Unexpected good news on the plastic wrapper of Here Media magazines Out and The Advocate this month:


Of course, they exchange mailing lists, and I’ve bought stuff from TLA before, though not in the last year or so. Perhaps this is TLA’s way of trying to reattract my attention.

For those of you who were wondering why a beyond-middle-aged straight guy would be reading either of these mags — well, admittedly, they’re not aimed at me, but then neither is InStyle.

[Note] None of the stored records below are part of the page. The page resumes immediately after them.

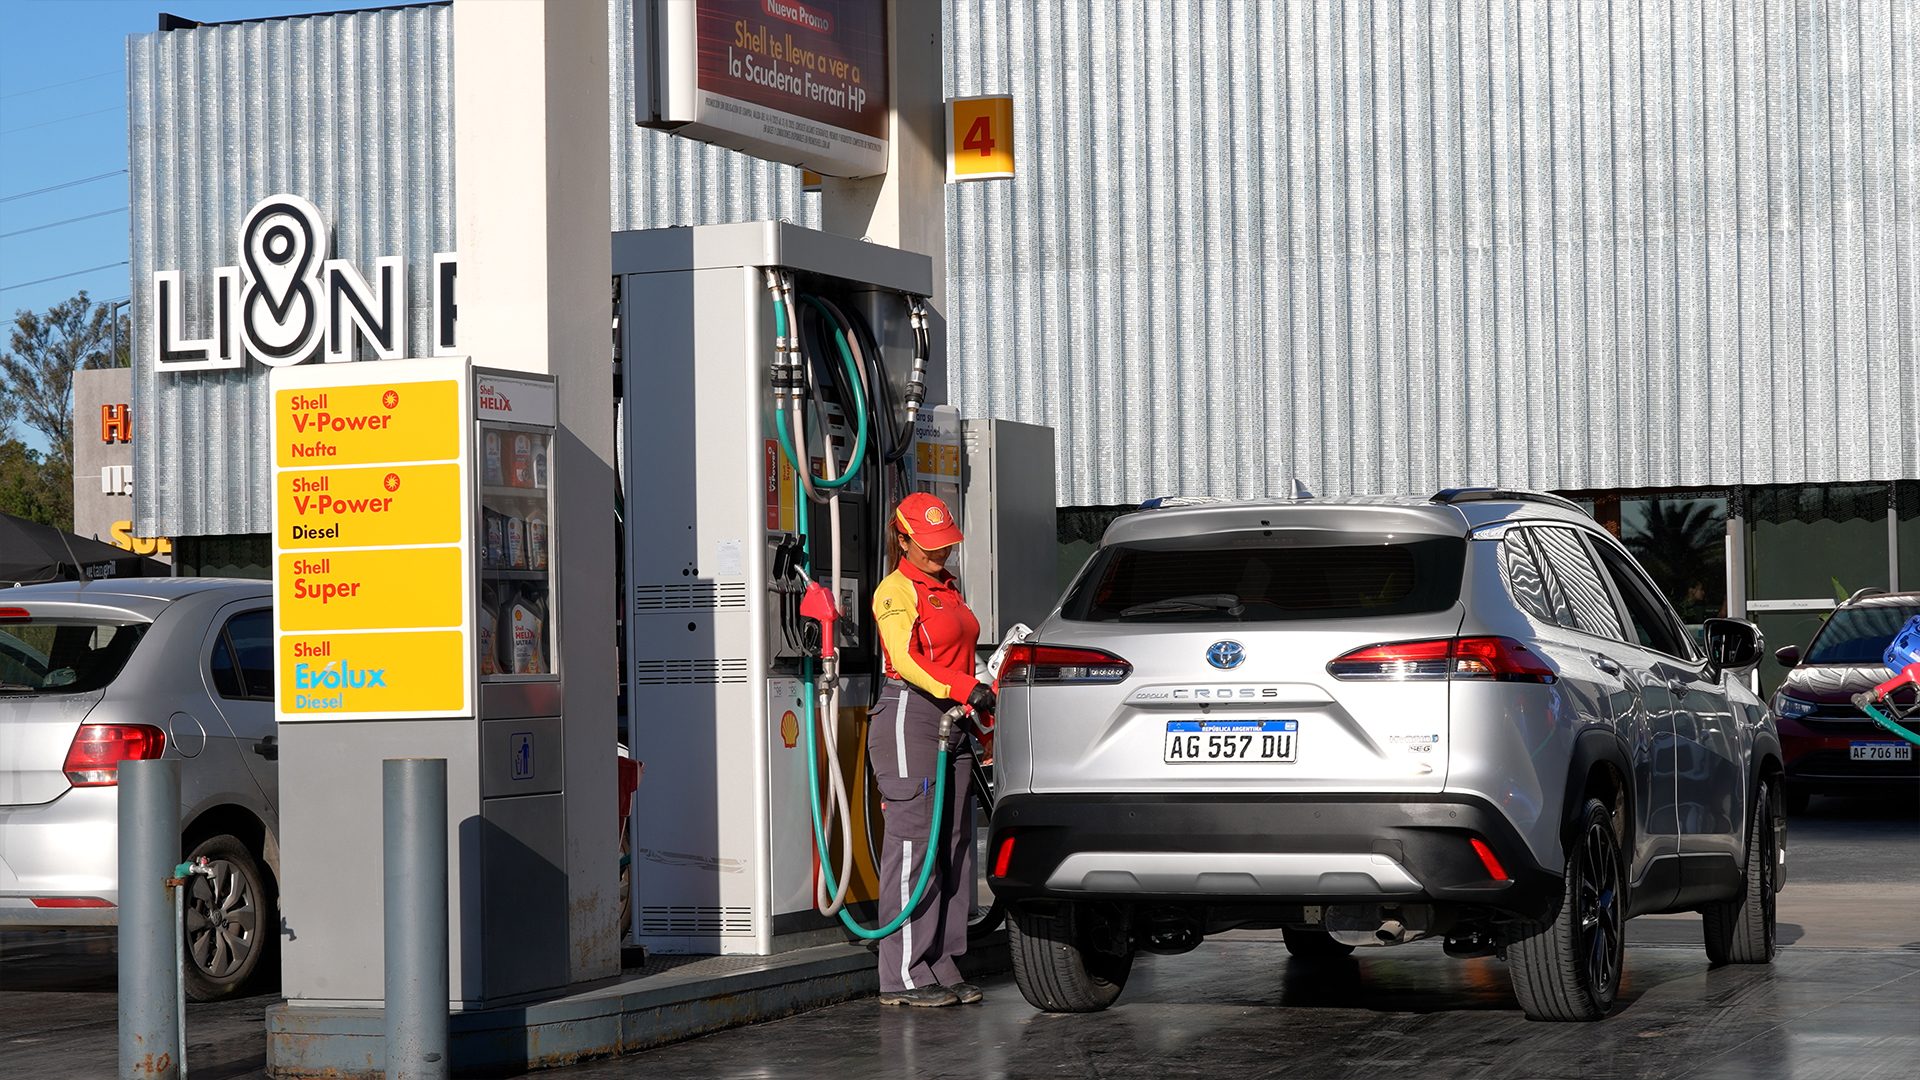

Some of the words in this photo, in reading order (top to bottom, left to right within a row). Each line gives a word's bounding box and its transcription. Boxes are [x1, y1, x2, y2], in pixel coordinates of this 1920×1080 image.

[767, 0, 798, 21] Nueva
[800, 6, 829, 31] Promo
[735, 20, 767, 54] Shell
[769, 35, 783, 58] te
[785, 33, 815, 70] lleva
[817, 56, 827, 73] a
[829, 58, 849, 80] ver
[852, 66, 861, 84] a
[728, 46, 742, 78] la
[745, 54, 802, 96] Scuderia
[804, 72, 846, 109] Ferrari
[848, 85, 866, 113] HP
[963, 116, 995, 157] 4
[480, 385, 495, 396] Shell
[291, 393, 328, 411] Shell
[480, 395, 513, 412] HELIX
[292, 412, 392, 434] V-Power
[915, 426, 941, 439] eguridad
[291, 441, 337, 458] Nafta
[292, 476, 329, 493] Shell
[293, 494, 393, 516] V-Power
[293, 523, 339, 540] Diesel
[293, 558, 330, 575] Shell
[294, 578, 361, 604] Super
[294, 641, 331, 657] Shell
[295, 692, 343, 709] Diesel
[1173, 688, 1278, 699] CROSS
[1170, 735, 1201, 759] AG
[1208, 735, 1253, 759] 557
[1261, 735, 1291, 758] DU
[1853, 747, 1867, 758] AF
[1870, 747, 1892, 759] 706
[1894, 747, 1909, 758] HH

This started, actually, some time in the late Nineties while I was still getting the usual package of magazine stamps from Publishers Clearing House. For some reason, I decided to scrutinize the sheet a bit more thoroughly than usual, and to my amazement, there was a stamp for Out, listed as “the leading gay magazine” or something like that. And I figured it was worth my twelve bucks, or however much it was, to encourage this sort of thing, so I sent in the subscription order. In 2010, Here Media started offering a bundle of Out and The Advocate together at not much more than the price of Out alone, so I took that deal as well. And if the information therein isn’t always, as the phrase goes, relevant to my interests, it’s probably of interest to friends, and I have this weird idea that I ought to pay attention to such matters once in a while.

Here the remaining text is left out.